Album Review: Victorian Trout Conspiracy – Victorian Trout Conspiracy EP

[Self-released; 2013]

A statement that’s likely a common consensus is to say that energy and enthusiasm are good in music. They’re infectious qualities that spectators can feed off of and that can help hook a new audience in. It creates, if not breeds likeability; it’s easy to watch a band dash about stage switching instruments, yelping every word like they’re kids at birthday party overdosed on chocolate cake. All it takes is a pair of people to start moving and shaking between the unoccupied chairs of an otherwise empty bar for a whole group to be suddenly dancing about like the weekend arrived a few days early.

With ten members in tow, Edinburgh-based Victorian Trout Conspiracy has plenty of the initially mentioned qualities to spare.Their self-titled debut EP exudes a lot of joy, chirpiness, and silliness over five songs; arguably it simply has too much. Most EPs serve as an advertisement of sorts, showing you what an act has to offer, and ideally tantalizing you into wanting more; you’ll listen over and over, happy, but not entirely satisfied until they drop a fully realised album. Victorian Trout Conspiracy does something plenty of albums have done to me, but few EPs have: it wears me out quickly.

Listening is fun, if not quite as fun as partaking in their live shows (which can range from just one member to the full ten), but like a hung-over adult trying to deal with an child on a sugar rush, patience can soon wear thin, occasionally starting to cause a headache because of too much enthusiasm. “Super Dooper Electric Scooter” is the slowest cut here, but it’s still full on, running at about 140bpm with the band shouting the song’s title amid evil laughs and howls; guitars and bass slide about like bike chains in motion as brass comes from all directions – all that without even getting to the thickly-accented spoken word section in the middle.

It’d be nice if the band stripped back here, even for the duration of one full song, and there’s a glimpse of what could be during the reggae rhythms at the opening of “All My Days,” but the track soon shoots for the sky and seems to triple the tempo in an instant.
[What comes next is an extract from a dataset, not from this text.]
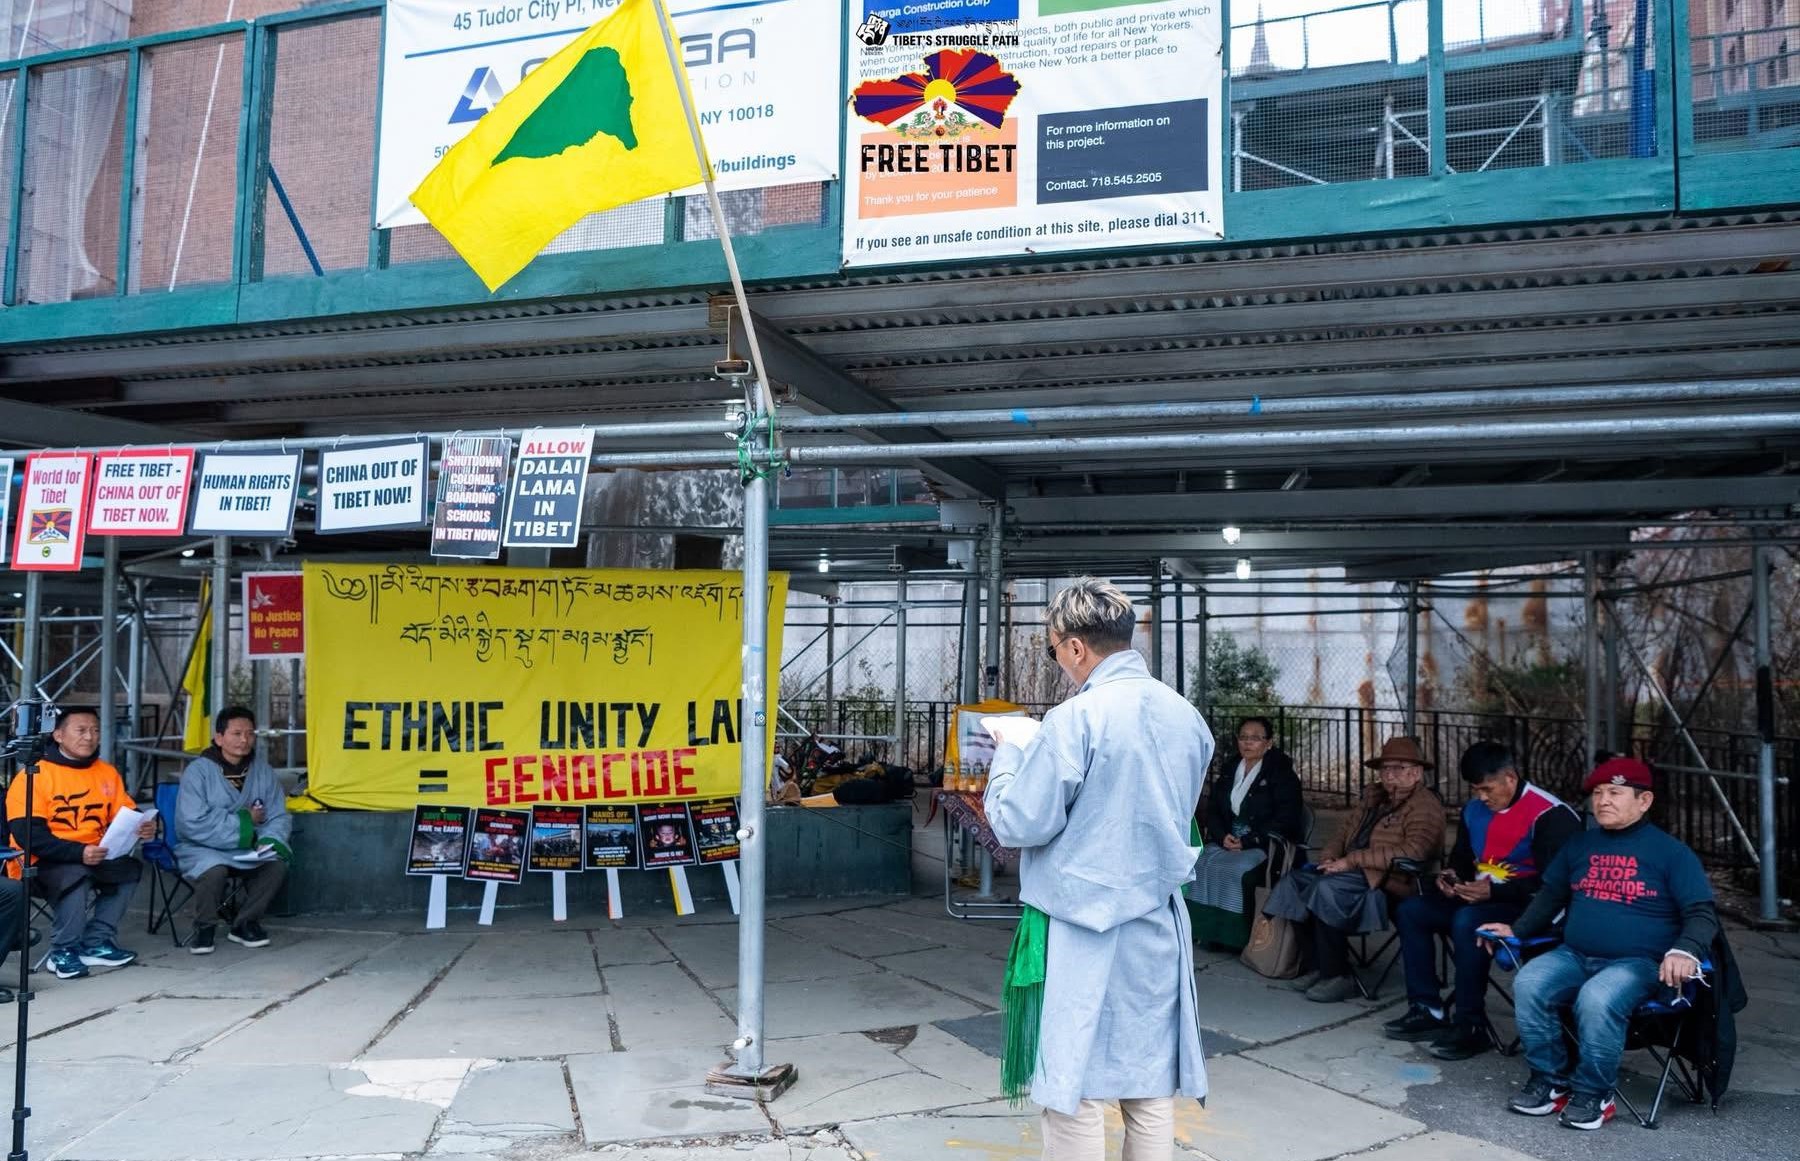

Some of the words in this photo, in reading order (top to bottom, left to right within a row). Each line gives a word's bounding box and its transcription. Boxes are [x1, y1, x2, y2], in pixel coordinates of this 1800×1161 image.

With ten members though, scaling things back isn’t really a viable thing to expect on an EP, as everyone’s out to impress and showcase their talents. But listening through the nineteen minutes of music here can be exhausting, even when it’s just on in the background, and I can’t but suddenly want to point out the importance of restraint as a talent too.
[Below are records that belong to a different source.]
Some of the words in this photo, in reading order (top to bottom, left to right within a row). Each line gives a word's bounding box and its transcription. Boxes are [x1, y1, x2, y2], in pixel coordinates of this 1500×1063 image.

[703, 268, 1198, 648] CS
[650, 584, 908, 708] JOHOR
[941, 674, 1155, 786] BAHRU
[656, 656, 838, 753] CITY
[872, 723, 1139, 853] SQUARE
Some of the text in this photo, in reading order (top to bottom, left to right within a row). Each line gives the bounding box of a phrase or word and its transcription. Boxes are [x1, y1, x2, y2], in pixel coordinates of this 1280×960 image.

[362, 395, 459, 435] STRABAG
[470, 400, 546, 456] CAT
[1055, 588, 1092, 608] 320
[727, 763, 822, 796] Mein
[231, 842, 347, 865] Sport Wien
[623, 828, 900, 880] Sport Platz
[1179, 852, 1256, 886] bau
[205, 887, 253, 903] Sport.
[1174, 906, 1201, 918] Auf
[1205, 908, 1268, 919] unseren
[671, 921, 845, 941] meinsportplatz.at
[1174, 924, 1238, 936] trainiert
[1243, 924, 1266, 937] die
Still, fun is fun, and unable to deny them, Victorian Trout Conspiracy are that. “All My Days” tires itself out with a sing-along section about a “Jack Daniels fire brigade” while closing track “Can He Really Imitate Swans?” has the brass firing on all cylinders, like the band are in a cartoon chase sequence, playing their instruments as they’re running away. It’s opening track “Ciderbam” that’s the real clincher here: after a dramatic opening of rippling guitars, ridden cymbals, and mariachi stand-off horns, the band punch out a riff that’s essentially the classic Spiderman theme song done in a style that’s something like Madness from the 80s doing speed with Employment-era Kaiser Chiefs. You’ll either laugh it off and just fall into the absurdity, or find yourself standoffish about the whole set up. If you’re not sold on those first few bars, or the rich Scottish accents (complete with plenty of local references and cheeky digs in the lyrics), then you’re probably not going to care to spend time with Victorian Trout Conspiracy. But I mean, just look at that name; you should have some idea as to what you’re getting yourself into from that alone.